I spent some time last week with a CIO whose business operates in more than a dozen jurisdictions, and we barely talked about which frontier model to use. What we kept talking about was the deployment question: cloud or on-prem, which region, which cloud platform provider, and what happens to all the IP he builds on top of a platform? "Where to run" is becoming the harder call, especially for companies operating in multiple jurisdictions.
Many of his customers operate in countries that require data to stay within their borders, and the hyperscalers don't necessarily have a data center in every one of them. His existing data estate has significant tech debt and would be (too) expensive to move to cloud, so keeping it where it is and running models alongside it suddenly looks like the cheaper, faster, lower-risk path.

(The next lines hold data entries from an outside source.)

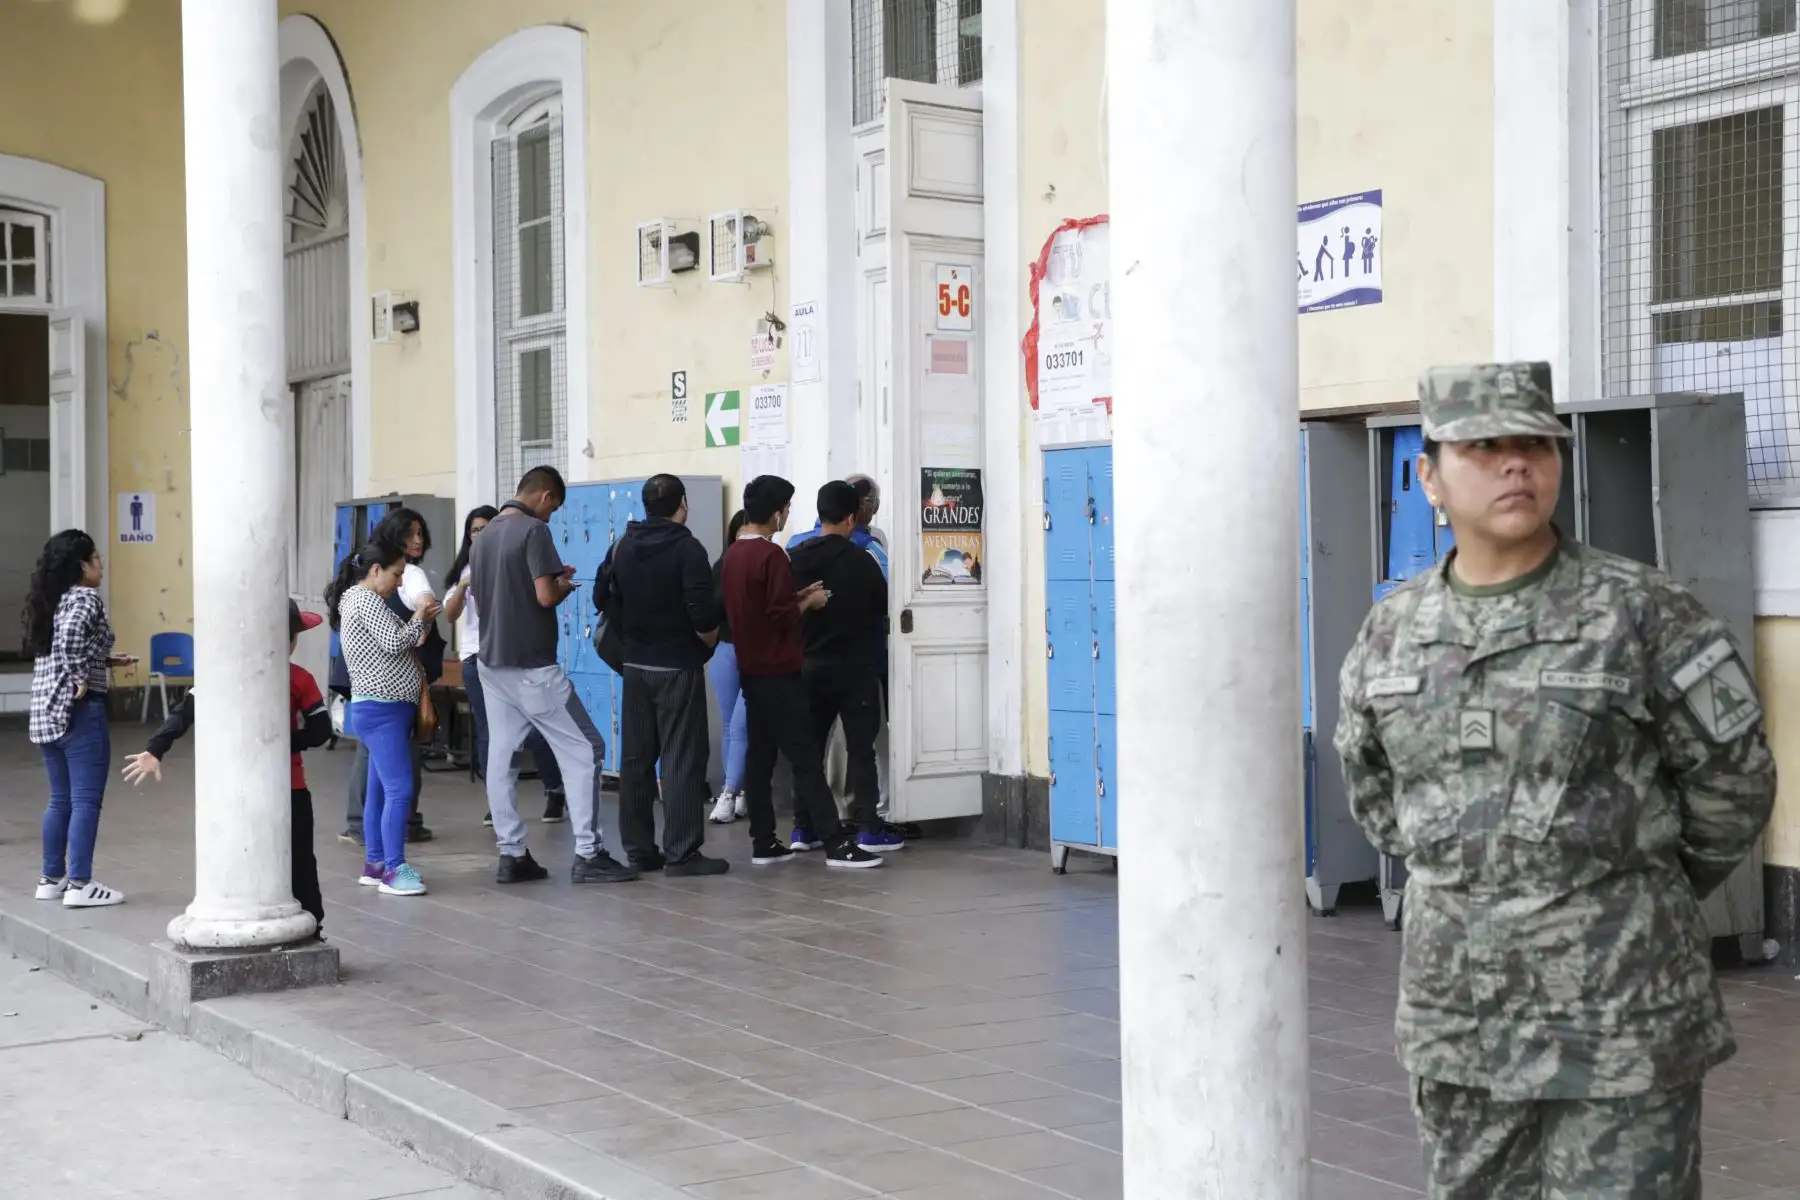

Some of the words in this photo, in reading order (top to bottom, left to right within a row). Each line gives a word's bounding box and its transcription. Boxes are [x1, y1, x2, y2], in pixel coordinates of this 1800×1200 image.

[939, 283, 970, 317] 5-C
[794, 304, 814, 317] AULA
[1046, 350, 1083, 370] 033701
[674, 372, 685, 398] S
[755, 394, 782, 410] 033700
[923, 506, 980, 524] GRANDES
[120, 531, 154, 542] BAÑO
[924, 535, 980, 549] AVENTURAS

That's why open source models like Llama and Gemma have quietly become enterprise-relevant: they let you run inside your own four walls when the regulator insists on it.

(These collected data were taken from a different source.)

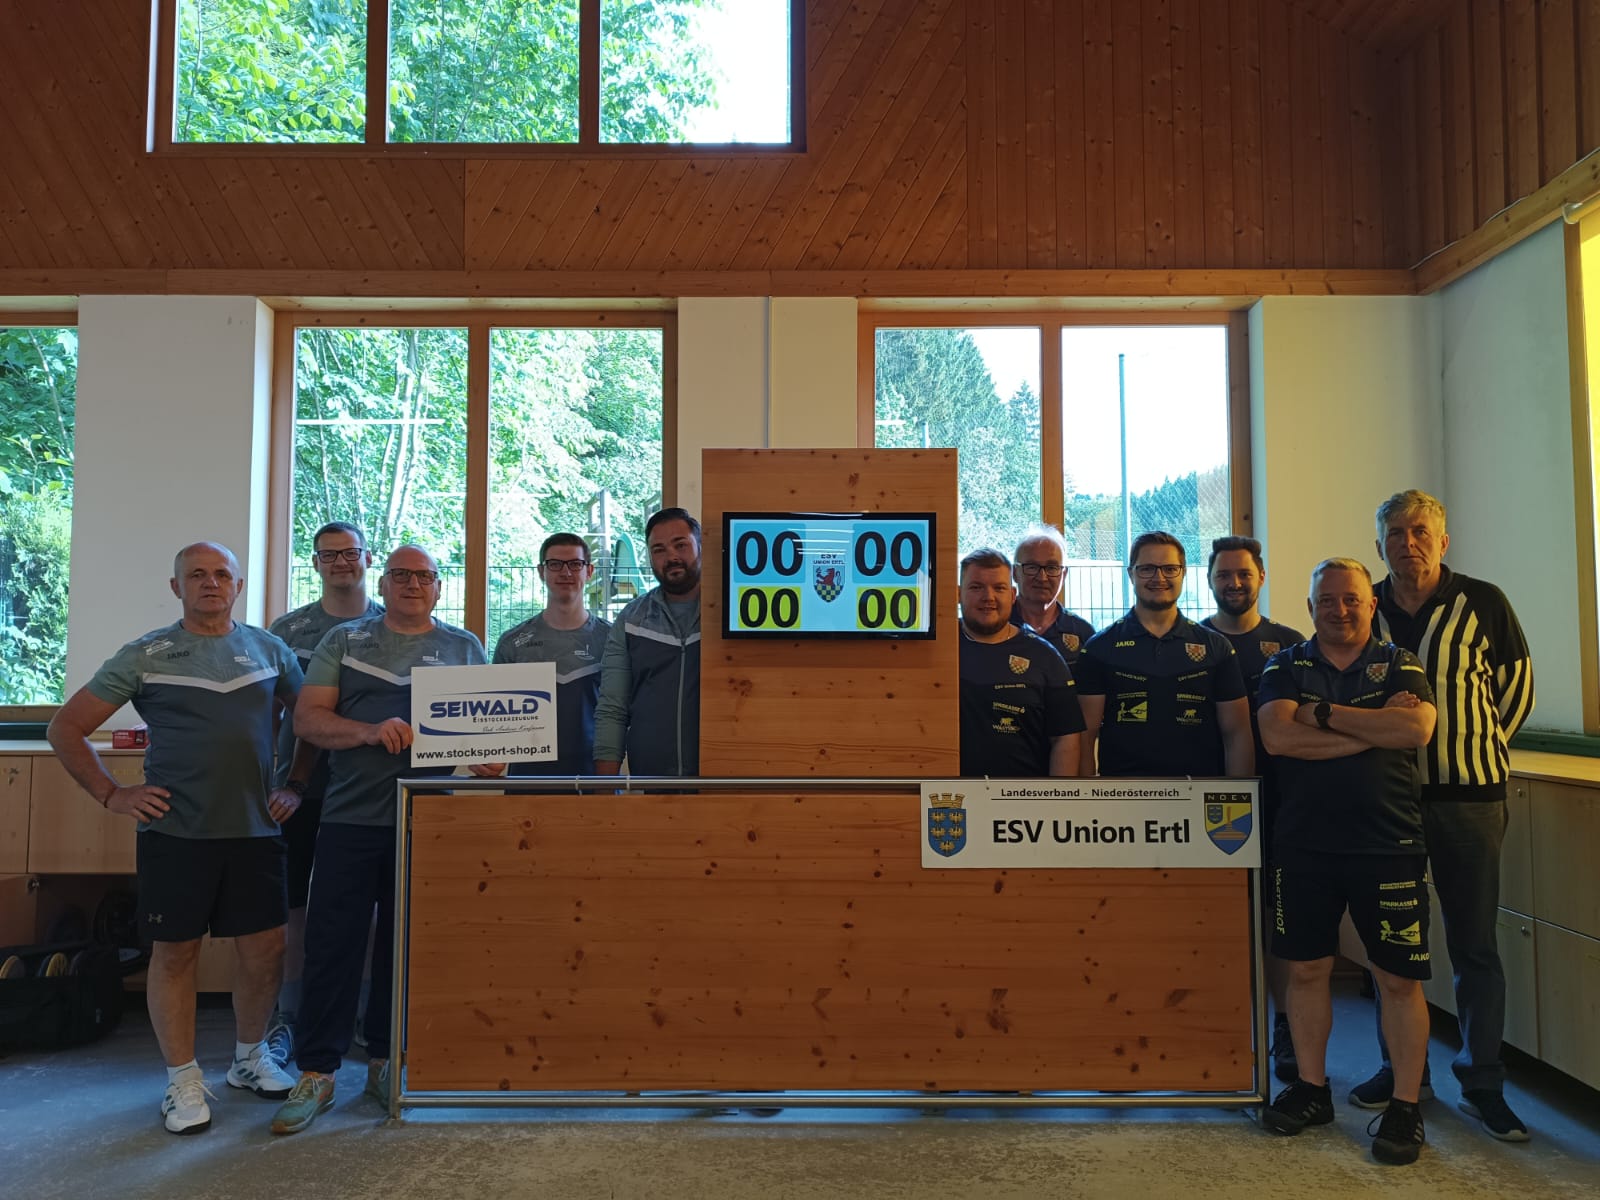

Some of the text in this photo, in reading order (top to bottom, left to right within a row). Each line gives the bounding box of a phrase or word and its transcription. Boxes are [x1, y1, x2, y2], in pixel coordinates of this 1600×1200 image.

[736, 530, 804, 576] 00
[855, 531, 923, 577] 00
[739, 588, 800, 628] 00
[858, 588, 917, 628] 00
[1115, 640, 1136, 648] JAKO
[430, 698, 539, 719] SEIWALD
[416, 744, 551, 760] www.stocksport-shop.at
[1001, 788, 1080, 798] Landesverband
[1092, 788, 1180, 798] Niederösterreich
[993, 818, 1191, 843] ESV Union Ertl
[1408, 952, 1430, 961] JAKO

The deeper issue this CIO is worried about is lock-in. Low-code AI platforms are credible products that get you off the ground fast, but the agents you build, the prompts you tune, and the workflows you wire together don't come with you when you leave. In choosing a platform, you're not only choosing a model, you're choosing whose ecosystem your institutional knowledge lives inside. For a business operating in jurisdictions with different and changing regulations, that's not a hypothetical risk.

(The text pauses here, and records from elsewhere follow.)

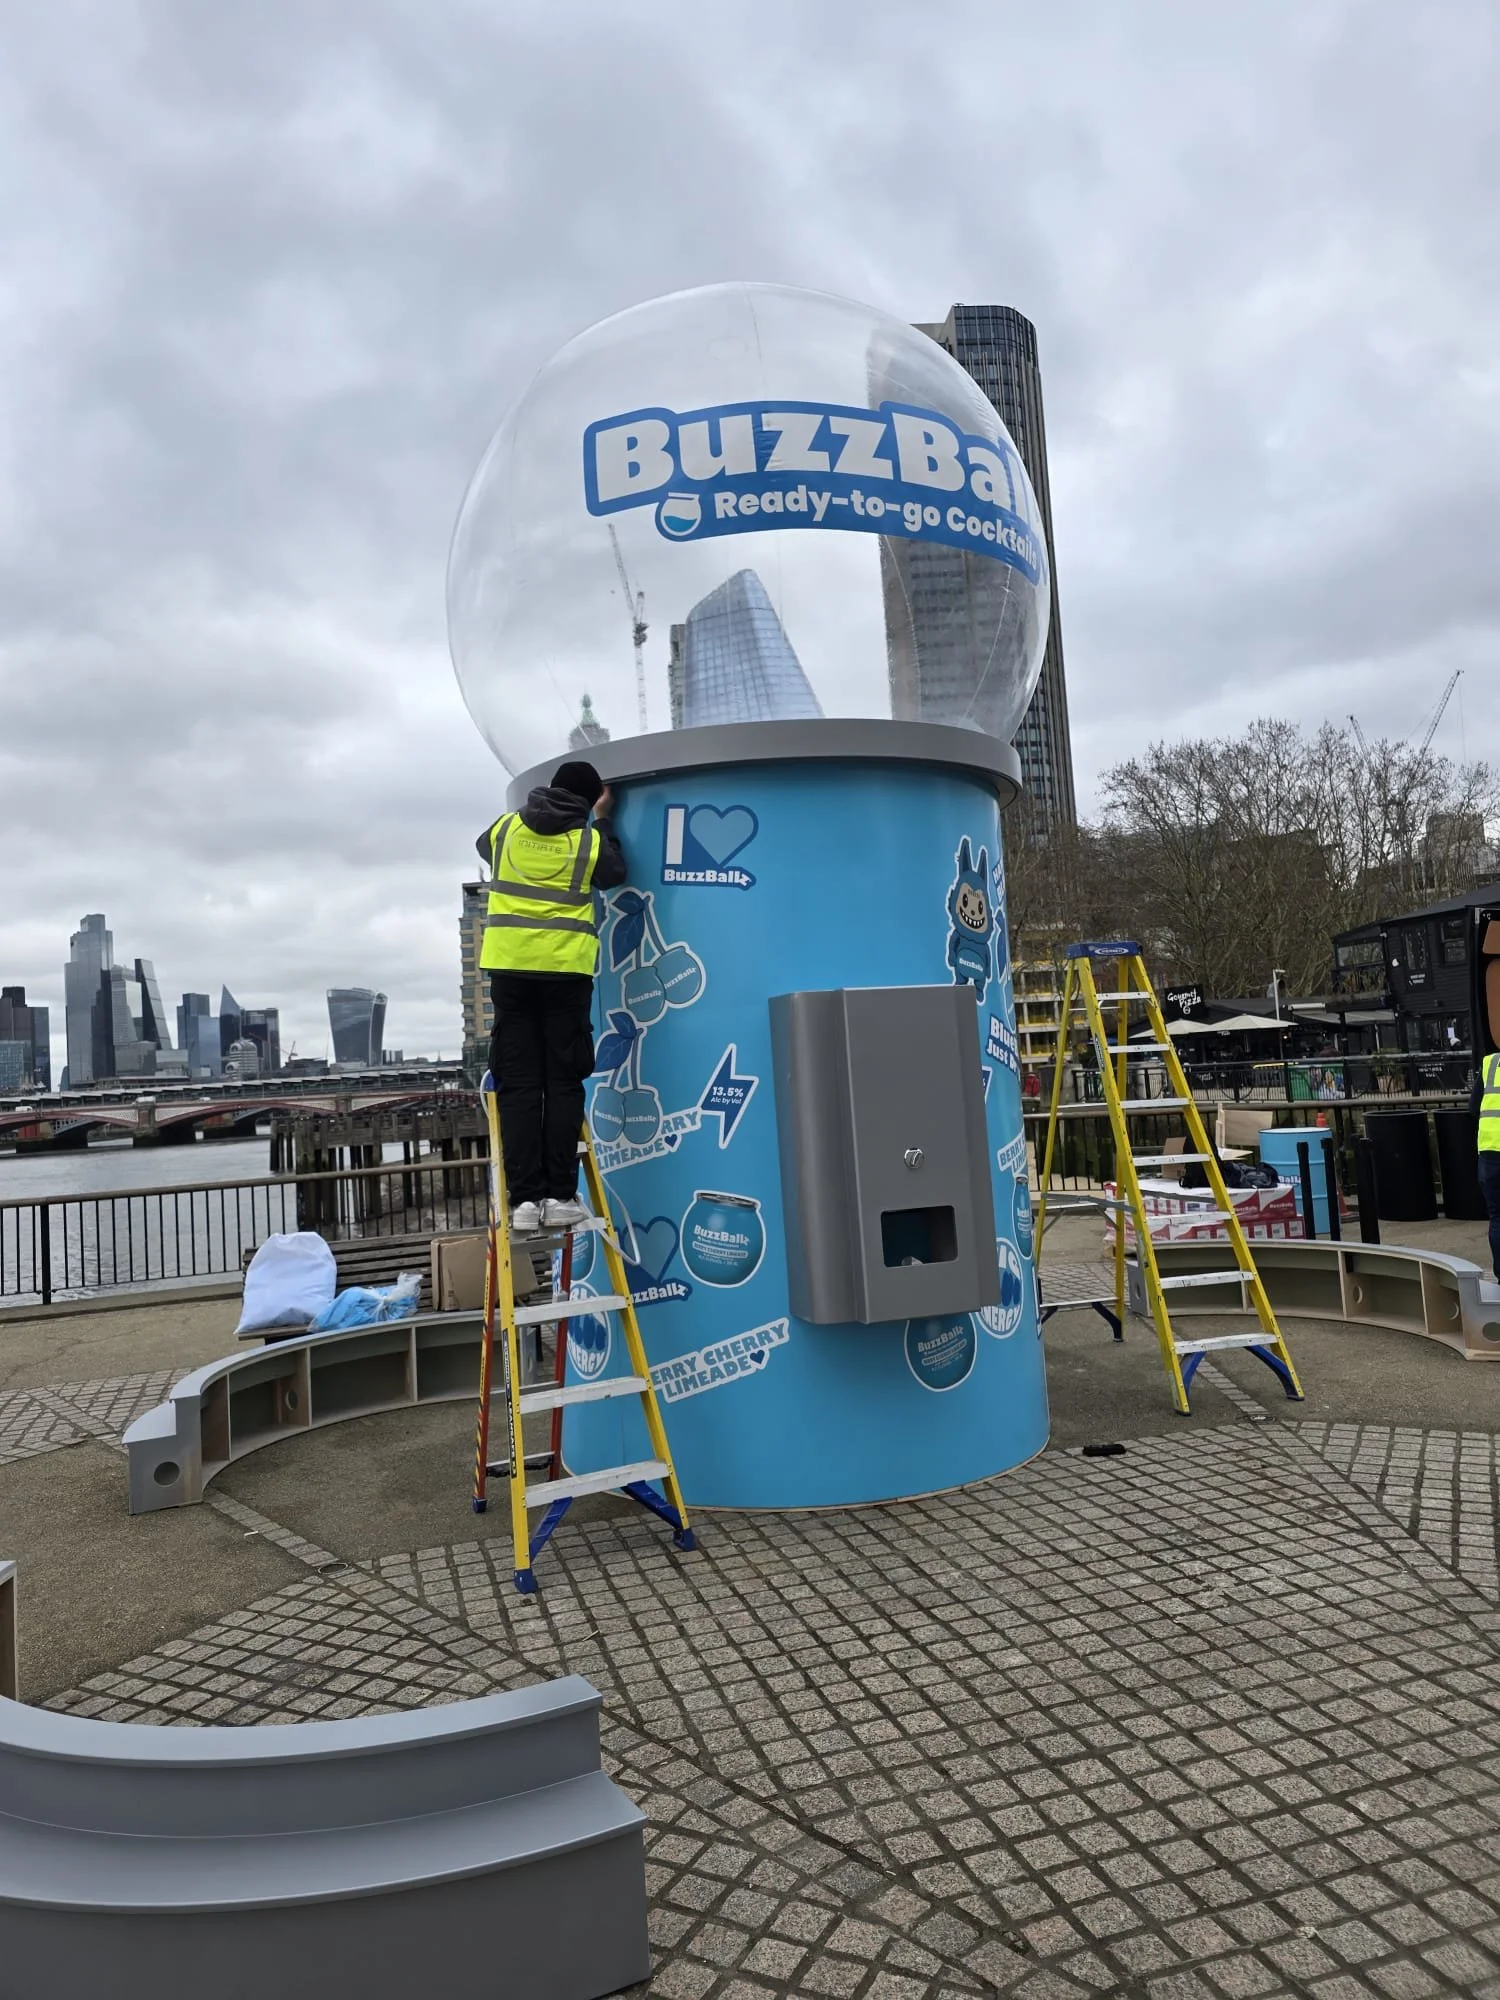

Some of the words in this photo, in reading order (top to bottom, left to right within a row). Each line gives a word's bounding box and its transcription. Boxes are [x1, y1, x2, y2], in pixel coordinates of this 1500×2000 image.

[715, 485, 942, 534] Ready-to-go
[664, 869, 752, 887] BuzzBallz
[712, 1086, 744, 1098] 13.5%
[722, 1097, 731, 1105] by
[693, 1224, 751, 1247] BuzzBallz
[632, 1281, 688, 1303] zzBallz
[651, 1355, 698, 1386] ERRY
[703, 1322, 786, 1366] CHERRY
[664, 1354, 752, 1399] LIMEADE

A number of powerful frontier models seem to be playing tag in terms of which one is 'the best' at any given time, however this choice is not necessarily as important as it seems. LLMs can be swapped out, you set them up behind an API endpoint and off you go. Also, the building of agents is being commoditized, what once may have been a complex task is easy now. However, what has not been made easy despite all the technological progress is the work of deploying these innovative solutions into a real enterprise.
Compliance, legal, cyber security, sovereignty, change management aren't optional, and they don't accelerate just because the model does. Without a focus on these, we'll keep seeing more Agentic AI programs and MVPs fizzle and not get to scale.
Planning ahead when launching a new agentic solution in a company is key; doing this early and in parallel with the tech development is an absolute prerequisite to success and ROI.